-- Records to process follows --

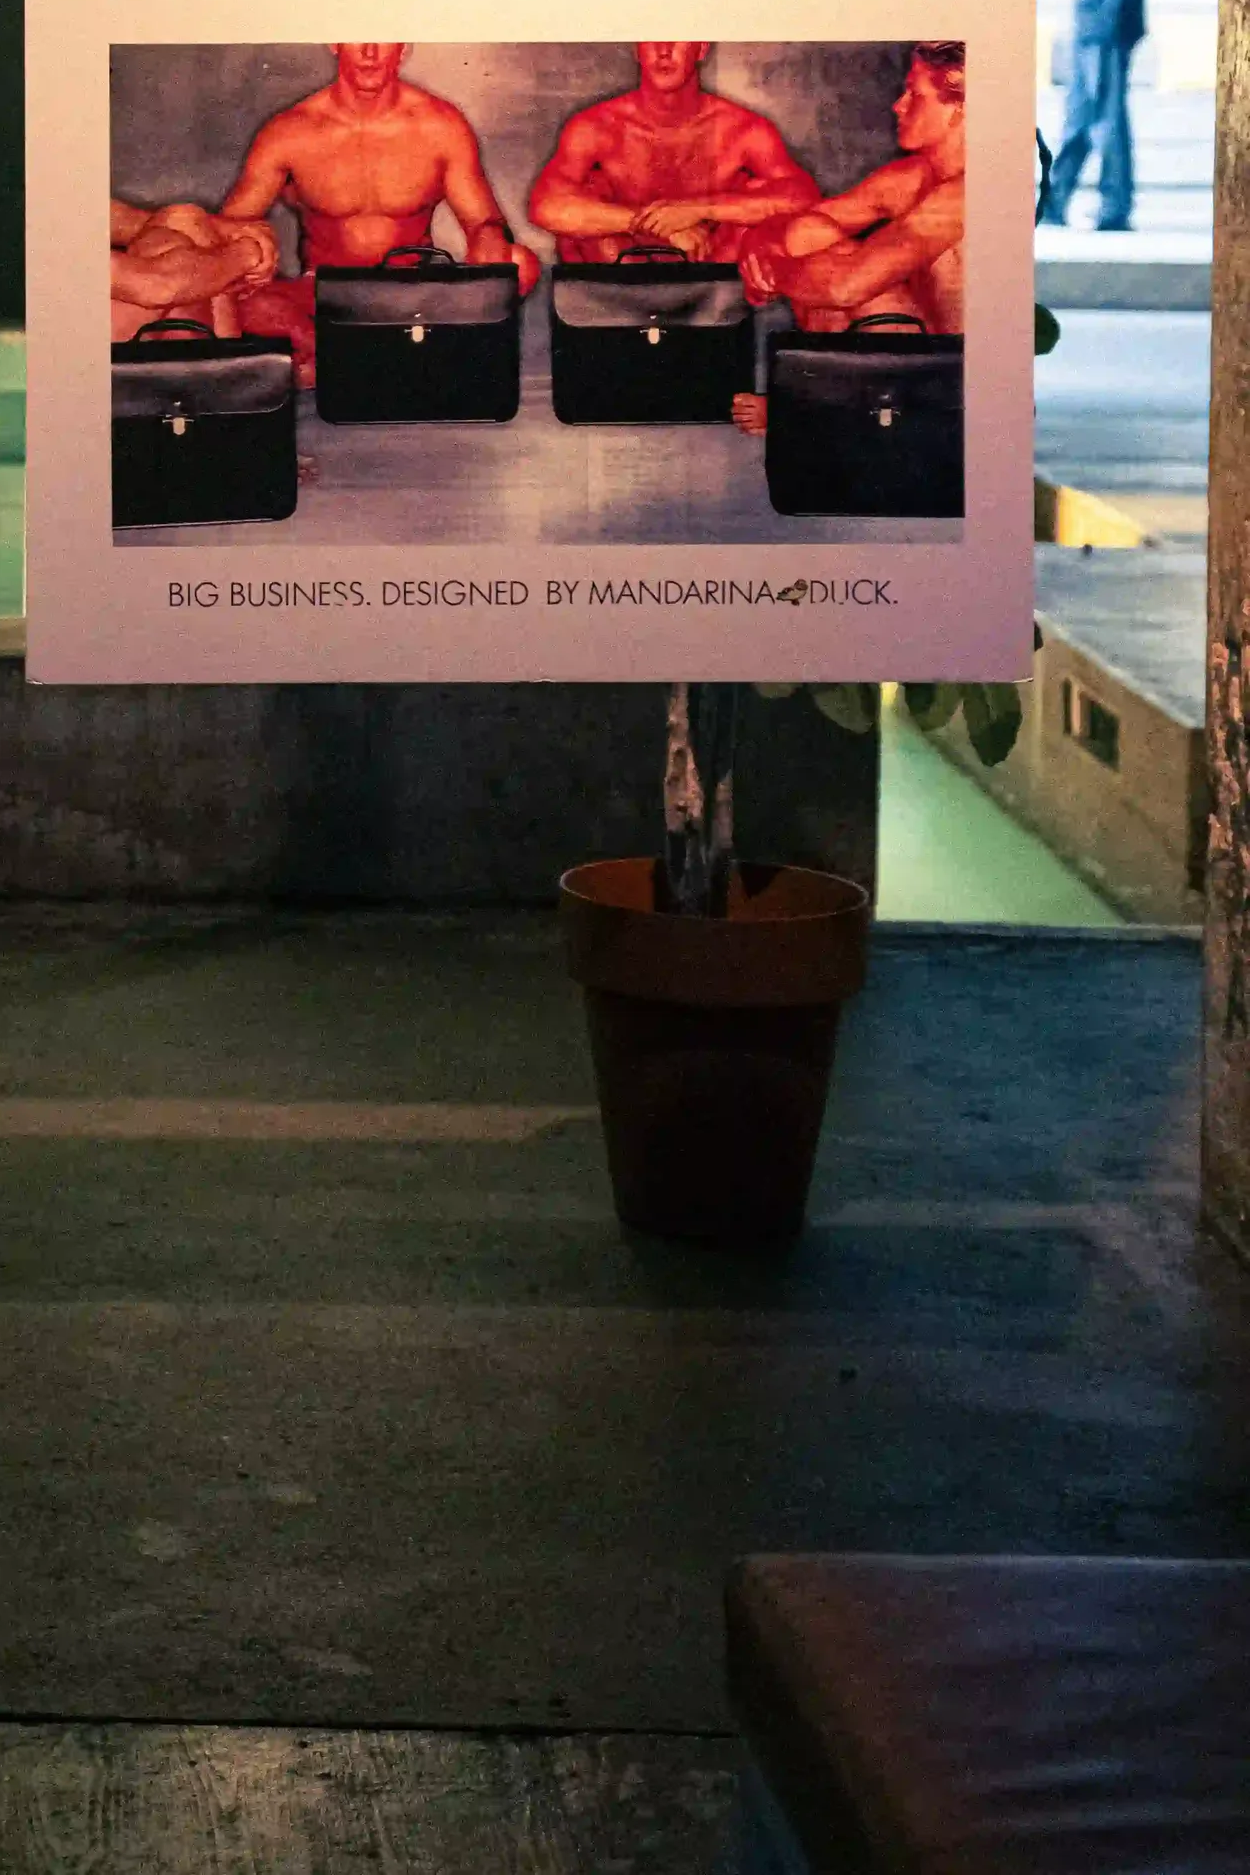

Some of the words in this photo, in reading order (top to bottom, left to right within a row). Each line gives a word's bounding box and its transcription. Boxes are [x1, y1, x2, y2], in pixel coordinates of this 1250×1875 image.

[168, 581, 220, 607] BIG
[230, 581, 372, 607] BUSINESS.
[382, 580, 529, 606] DESIGNED
[546, 580, 580, 605] BY
[588, 579, 776, 605] MANDARINA
[809, 578, 899, 605] DUCK.
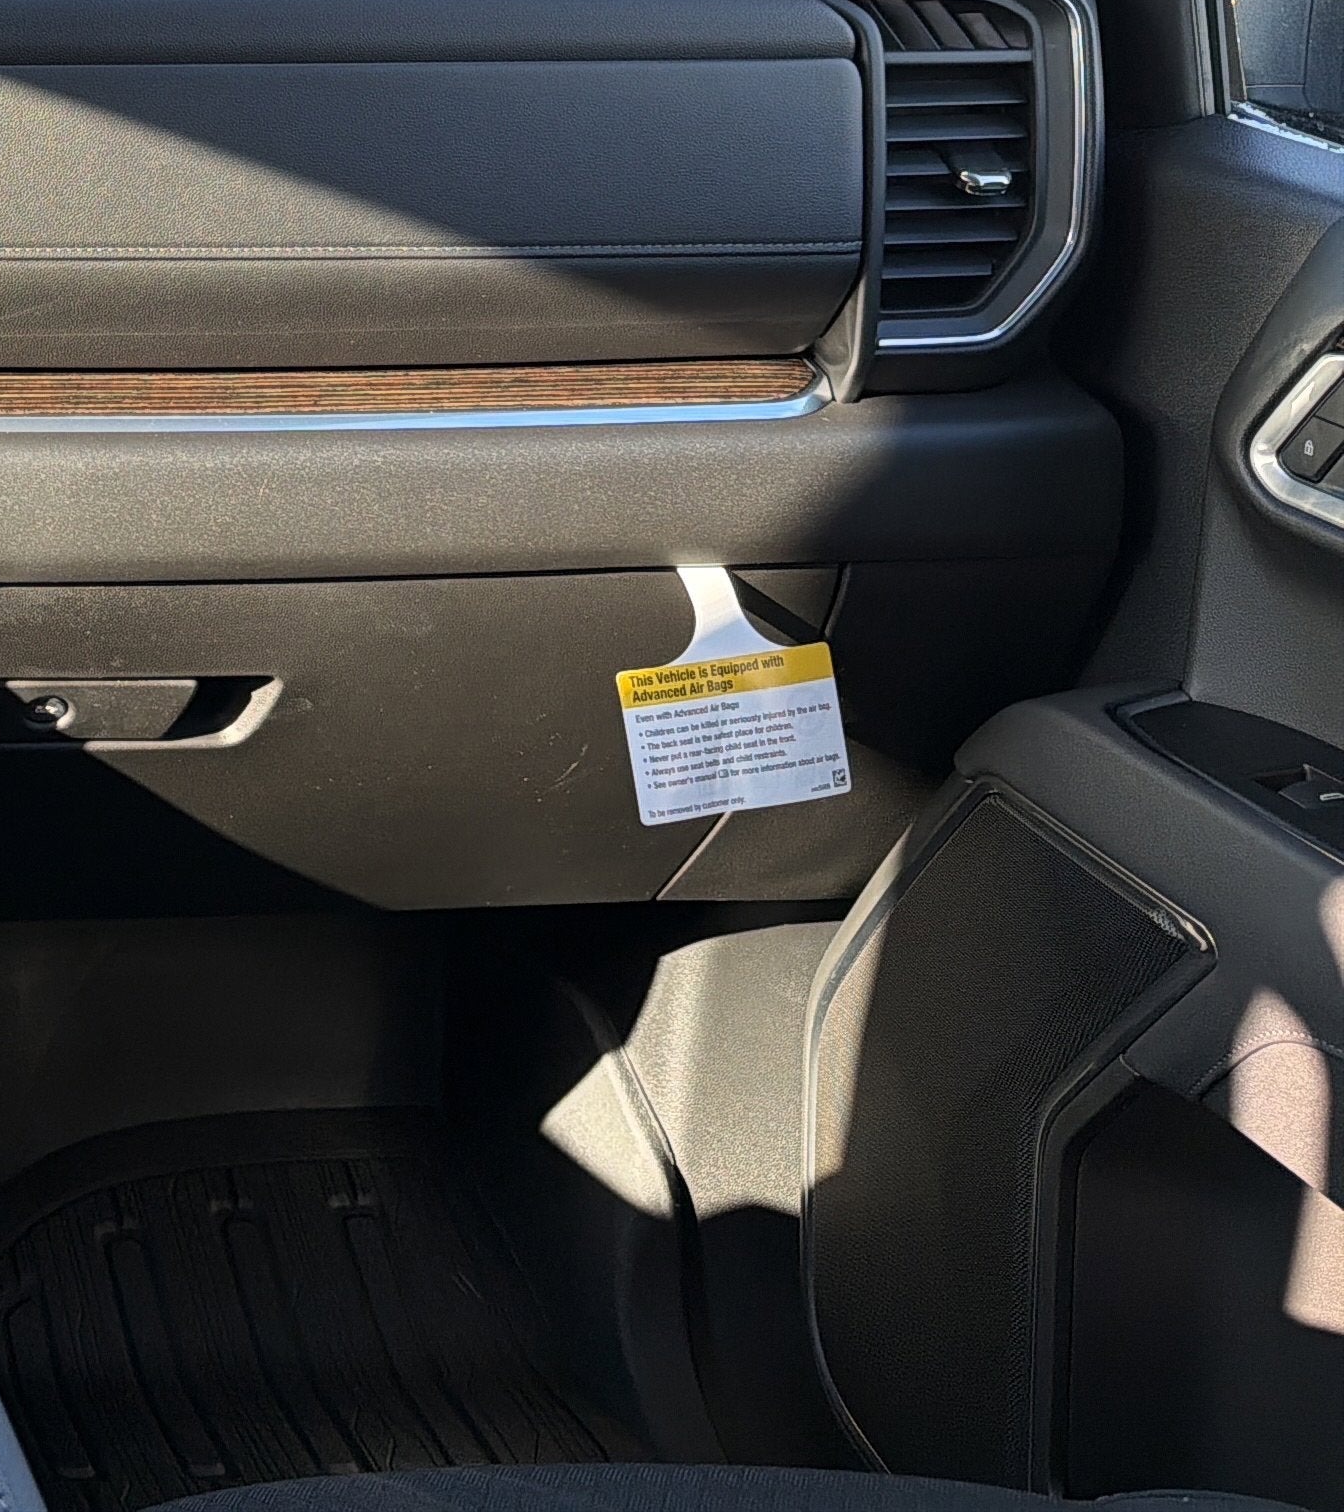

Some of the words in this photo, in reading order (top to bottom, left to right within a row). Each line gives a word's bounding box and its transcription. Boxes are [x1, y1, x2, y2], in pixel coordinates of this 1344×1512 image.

[629, 674, 653, 688] This
[655, 668, 696, 685] Vehicle
[697, 665, 709, 679] is
[710, 658, 759, 677] Equipped
[761, 655, 784, 669] with
[632, 683, 687, 704] Advanced
[689, 681, 705, 696] Air
[707, 679, 734, 693] Bags
[635, 714, 655, 724] Even
[656, 711, 672, 721] with
[674, 706, 709, 719] Advanced
[710, 703, 720, 713] Air
[720, 701, 740, 712] Bags
[648, 809, 657, 819] To
[657, 809, 666, 818] be
[667, 805, 693, 816] removed
[694, 803, 702, 814] by
[702, 798, 730, 810] customer
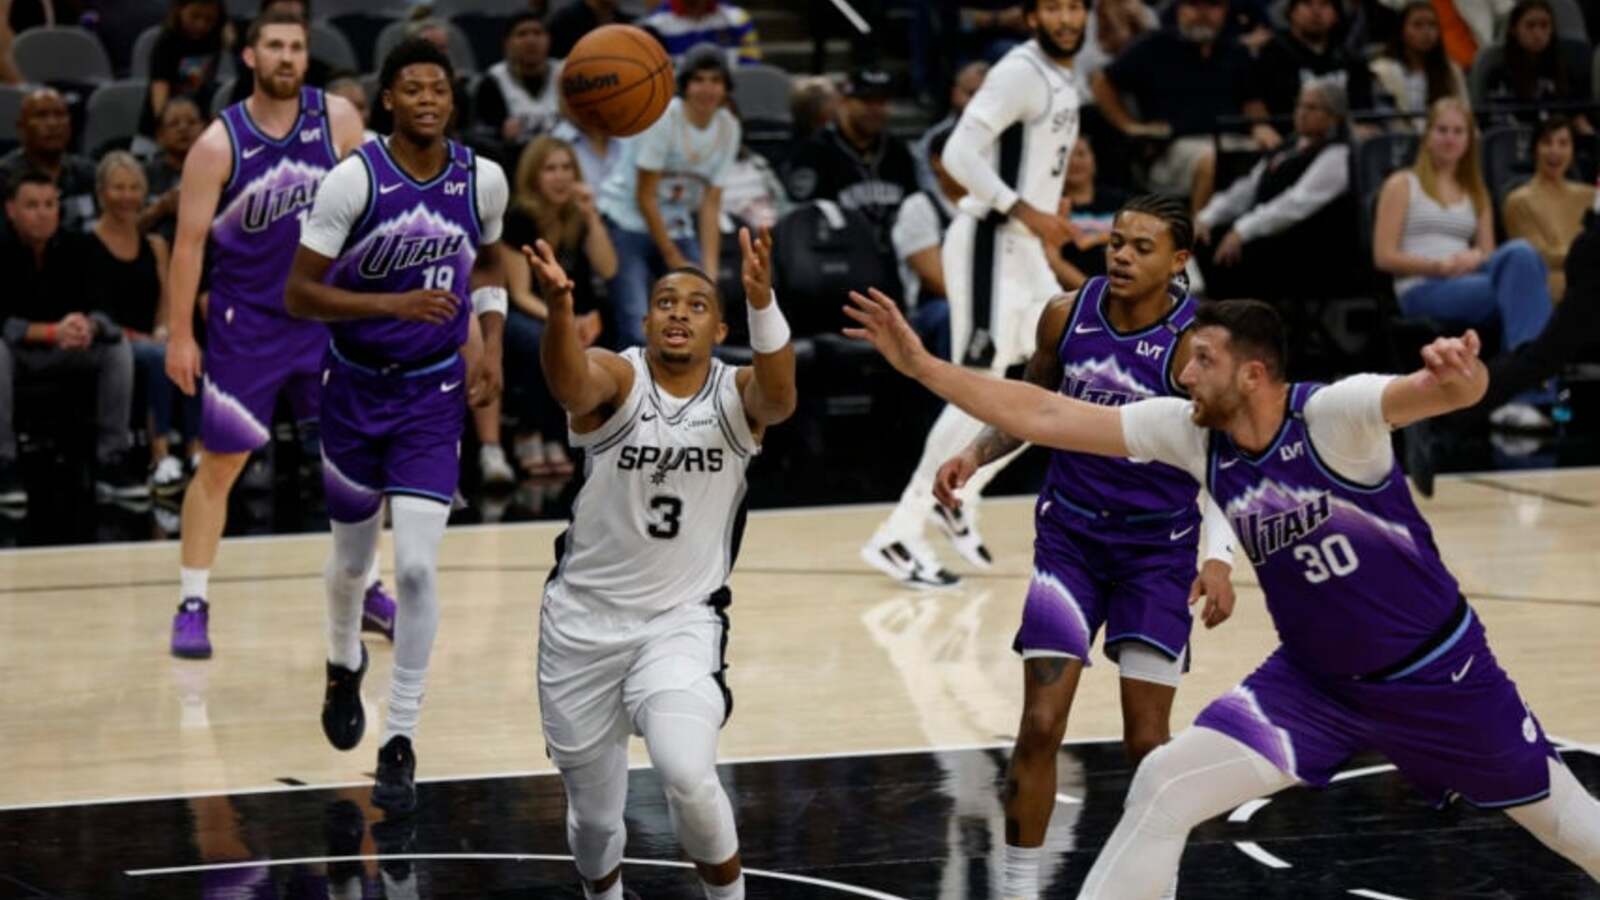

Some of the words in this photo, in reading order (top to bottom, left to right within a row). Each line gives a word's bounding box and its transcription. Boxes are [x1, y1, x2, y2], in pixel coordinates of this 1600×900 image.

[443, 181, 467, 196] LVT
[359, 233, 465, 279] UTAH
[421, 264, 455, 293] 19
[1136, 339, 1165, 360] LVT
[617, 445, 724, 486] SPURS
[648, 495, 683, 540] 3
[1233, 490, 1332, 566] UTAH
[1293, 534, 1359, 583] 30
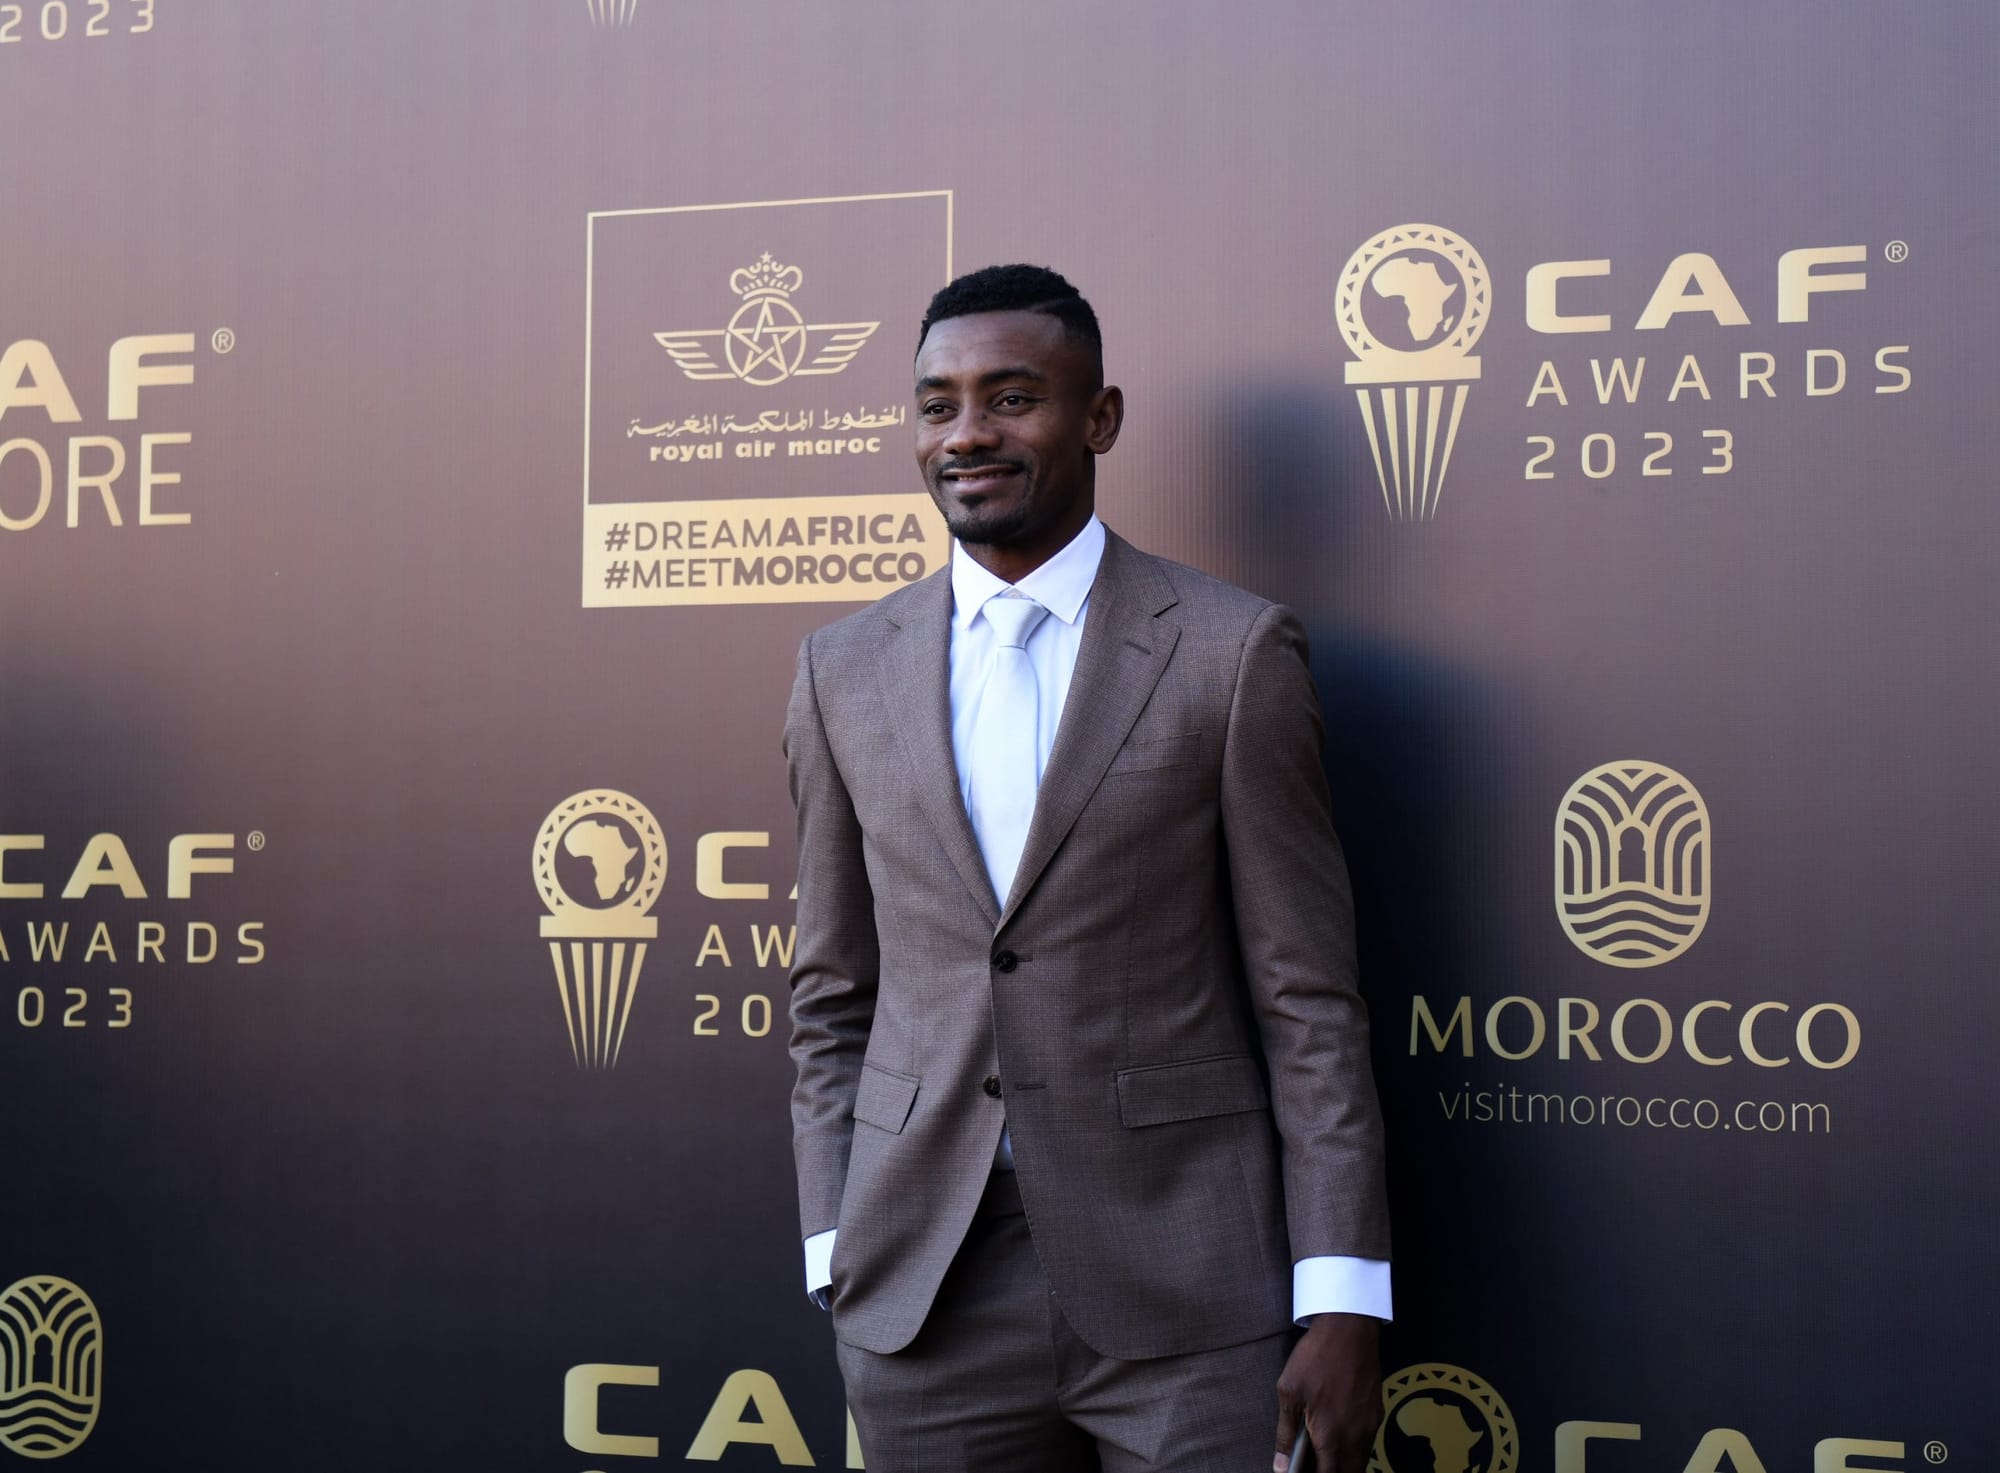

-- Records to process concluded --

Output the data exactly as it appears. The pictures do not belong in it.

▶ _Answer section_
Some of the words in this photo, in reading order (top to bottom, left to right within a row). Each line gives a word's bounding box and its transcription. Boxes are [x1, y1, x2, y2], in pixel coordinates of this 1250×1875 image.

[168, 581, 220, 607] BIG
[230, 581, 372, 607] BUSINESS.
[382, 580, 529, 606] DESIGNED
[546, 580, 580, 605] BY
[588, 579, 776, 605] MANDARINA
[809, 578, 899, 605] DUCK.

Some of the words in this photo, in reading order (top to bottom, left to right within a row). Each line gives a word's bounding box and its transcription. Boxes are [x1, y1, x2, y2], in pixel coordinates of this 1344×1512 image.

[629, 674, 653, 688] This
[655, 668, 696, 685] Vehicle
[697, 665, 709, 679] is
[710, 658, 759, 677] Equipped
[761, 655, 784, 669] with
[632, 683, 687, 704] Advanced
[689, 681, 705, 696] Air
[707, 679, 734, 693] Bags
[635, 714, 655, 724] Even
[656, 711, 672, 721] with
[674, 706, 709, 719] Advanced
[710, 703, 720, 713] Air
[720, 701, 740, 712] Bags
[648, 809, 657, 819] To
[657, 809, 666, 818] be
[667, 805, 693, 816] removed
[694, 803, 702, 814] by
[702, 798, 730, 810] customer

Some of the words in this photo, in reading order (top to bottom, left to right within a row). Each line gives a word's bounding box and its transcription. Boxes are [x1, y1, x2, y2], in pixel coordinates of this 1600×900 image.

[443, 181, 467, 196] LVT
[359, 233, 465, 279] UTAH
[421, 264, 455, 293] 19
[1136, 339, 1165, 360] LVT
[617, 445, 724, 486] SPURS
[648, 495, 683, 540] 3
[1233, 490, 1332, 566] UTAH
[1293, 534, 1359, 583] 30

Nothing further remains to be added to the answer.